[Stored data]
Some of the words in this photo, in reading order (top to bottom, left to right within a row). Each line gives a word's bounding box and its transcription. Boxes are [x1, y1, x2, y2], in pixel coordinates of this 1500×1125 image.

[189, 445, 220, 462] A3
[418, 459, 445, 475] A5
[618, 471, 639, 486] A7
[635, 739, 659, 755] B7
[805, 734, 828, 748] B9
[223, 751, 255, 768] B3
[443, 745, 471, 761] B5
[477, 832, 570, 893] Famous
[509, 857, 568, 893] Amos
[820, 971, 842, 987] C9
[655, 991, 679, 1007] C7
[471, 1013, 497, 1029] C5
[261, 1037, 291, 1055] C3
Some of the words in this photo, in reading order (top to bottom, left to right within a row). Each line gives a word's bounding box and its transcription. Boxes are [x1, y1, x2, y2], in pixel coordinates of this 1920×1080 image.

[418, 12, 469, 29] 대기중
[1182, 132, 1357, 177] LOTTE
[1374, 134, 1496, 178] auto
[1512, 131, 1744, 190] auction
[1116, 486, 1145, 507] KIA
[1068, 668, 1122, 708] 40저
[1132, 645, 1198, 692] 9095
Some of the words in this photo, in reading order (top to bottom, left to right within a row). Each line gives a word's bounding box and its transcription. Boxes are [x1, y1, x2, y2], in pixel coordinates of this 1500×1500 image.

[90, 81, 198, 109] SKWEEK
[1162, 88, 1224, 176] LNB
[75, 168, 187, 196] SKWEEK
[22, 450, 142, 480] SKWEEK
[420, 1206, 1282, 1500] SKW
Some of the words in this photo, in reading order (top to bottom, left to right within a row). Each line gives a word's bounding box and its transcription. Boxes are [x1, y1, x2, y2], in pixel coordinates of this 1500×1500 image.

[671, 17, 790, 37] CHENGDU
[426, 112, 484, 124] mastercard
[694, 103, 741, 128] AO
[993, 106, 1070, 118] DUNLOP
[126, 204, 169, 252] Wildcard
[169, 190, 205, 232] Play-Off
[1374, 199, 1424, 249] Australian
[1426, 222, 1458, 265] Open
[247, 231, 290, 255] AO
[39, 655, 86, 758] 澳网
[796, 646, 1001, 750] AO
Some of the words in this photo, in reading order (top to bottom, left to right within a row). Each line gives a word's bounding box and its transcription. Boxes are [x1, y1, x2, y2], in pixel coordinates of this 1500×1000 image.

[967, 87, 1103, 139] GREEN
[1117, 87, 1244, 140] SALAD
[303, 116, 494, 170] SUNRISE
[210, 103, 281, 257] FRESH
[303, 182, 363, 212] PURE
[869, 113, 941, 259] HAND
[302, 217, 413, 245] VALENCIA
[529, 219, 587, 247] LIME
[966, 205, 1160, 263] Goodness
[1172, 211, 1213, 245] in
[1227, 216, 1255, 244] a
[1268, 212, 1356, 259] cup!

Exercise details: Put down all the data once more, exactly as it appears above.

Response to this exercise:
Some of the words in this photo, in reading order (top to bottom, left to right within a row). Each line gives a word's bounding box and its transcription. Boxes are [x1, y1, x2, y2], in pixel coordinates of this 1500×1125 image.

[189, 445, 220, 462] A3
[418, 459, 445, 475] A5
[618, 471, 639, 486] A7
[635, 739, 659, 755] B7
[805, 734, 828, 748] B9
[223, 751, 255, 768] B3
[443, 745, 471, 761] B5
[477, 832, 570, 893] Famous
[509, 857, 568, 893] Amos
[820, 971, 842, 987] C9
[655, 991, 679, 1007] C7
[471, 1013, 497, 1029] C5
[261, 1037, 291, 1055] C3
Some of the words in this photo, in reading order (top to bottom, left to right within a row). Each line gives a word's bounding box and its transcription. Boxes are [x1, y1, x2, y2], in pixel coordinates of this 1920×1080 image.

[418, 12, 469, 29] 대기중
[1182, 132, 1357, 177] LOTTE
[1374, 134, 1496, 178] auto
[1512, 131, 1744, 190] auction
[1116, 486, 1145, 507] KIA
[1068, 668, 1122, 708] 40저
[1132, 645, 1198, 692] 9095
Some of the words in this photo, in reading order (top to bottom, left to right within a row). Each line gives a word's bounding box and its transcription. Boxes are [x1, y1, x2, y2], in pixel coordinates of this 1500×1500 image.

[90, 81, 198, 109] SKWEEK
[1162, 88, 1224, 176] LNB
[75, 168, 187, 196] SKWEEK
[22, 450, 142, 480] SKWEEK
[420, 1206, 1282, 1500] SKW
Some of the words in this photo, in reading order (top to bottom, left to right within a row). Each line gives a word's bounding box and its transcription. Boxes are [x1, y1, x2, y2], in pixel coordinates of this 1500×1500 image.

[671, 17, 790, 37] CHENGDU
[426, 112, 484, 124] mastercard
[694, 103, 741, 128] AO
[993, 106, 1070, 118] DUNLOP
[126, 204, 169, 252] Wildcard
[169, 190, 205, 232] Play-Off
[1374, 199, 1424, 249] Australian
[1426, 222, 1458, 265] Open
[247, 231, 290, 255] AO
[39, 655, 86, 758] 澳网
[796, 646, 1001, 750] AO
Some of the words in this photo, in reading order (top to bottom, left to right within a row). Each line gives a word's bounding box and its transcription. Boxes are [x1, y1, x2, y2], in pixel coordinates of this 1500×1000 image.

[967, 87, 1103, 139] GREEN
[1117, 87, 1244, 140] SALAD
[303, 116, 494, 170] SUNRISE
[210, 103, 281, 257] FRESH
[303, 182, 363, 212] PURE
[869, 113, 941, 259] HAND
[302, 217, 413, 245] VALENCIA
[529, 219, 587, 247] LIME
[966, 205, 1160, 263] Goodness
[1172, 211, 1213, 245] in
[1227, 216, 1255, 244] a
[1268, 212, 1356, 259] cup!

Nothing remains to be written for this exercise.